CES 2019 travel-tech report: overcoming oversights

I’ve survived another CES, this time after committing two of the dumber unforced errors possible at an enormous tech trade show.

One was not arranging an update to the Wirecutter LTE-hotspots guide to coincide with CES, such that I’d have to bring a couple of new hotspots to the show. Instead, I was left to cope with intermittently available press-room and press-conference WiFi.

It confounds me that in 2019, anybody would think it okay to host a press event and not provide bandwidth to the press. But that’s CES for you, when either PR professionals or their clients seem to shove common sense into the shredder.

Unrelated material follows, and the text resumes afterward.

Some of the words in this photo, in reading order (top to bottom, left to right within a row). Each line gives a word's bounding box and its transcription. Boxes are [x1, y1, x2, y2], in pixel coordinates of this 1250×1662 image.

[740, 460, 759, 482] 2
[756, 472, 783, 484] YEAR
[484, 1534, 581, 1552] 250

Fortunately, the show press rooms offered wired Internet, so I could fish out my USB-to-Ethernet adapter and get online as I would have 20 years ago. A couple of other times, I tethered off my phone.

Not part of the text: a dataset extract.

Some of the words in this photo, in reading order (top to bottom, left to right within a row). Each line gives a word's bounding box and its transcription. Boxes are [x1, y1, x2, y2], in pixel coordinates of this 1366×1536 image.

On its second CES, my HP Spectre x360 laptop worked fine except for the one morning it blue-screened, then rebooted without a working touchpad. I had to open Device Manager and delete that driver to get it working once again. I also couldn’t help think this doesn’t charge as fast as my old MacBook Air, but I’m still happier with a touchscreen laptop that I can fold up to use as a tablet–and which didn’t gouge me on storage.

My other big CES error was leaving the laptop’s charger in the press room at the Sands. I looked up and realized I had only 30 minutes to get to an appointment at the Las Vegas Convention Center, hurriedly unplugged what I thought was everything, and only realized my oversight an hour later. Fortunately, a call to the Sands press room led to the people there spotting the charger and safeguarding it until I retrieved it the next morning.

Meanwhile, my first-gen Google Pixel declined to act its age. It never froze up or crashed on me, took good pictures and recharged quickly over both its own power adapter and the laptop’s. I am never again buying a phone and laptop that don’t share a charging-cable standard.

I also carried around a brick of an external charger, an 8,000 milliamp-hours battery included in the swag at a security conference in D.C. I covered in October. This helped when I was walking around but didn’t charge the Pixel as quickly, and leaving the charger and phone in my bag usually led to the cable getting jostled out of the Pixel.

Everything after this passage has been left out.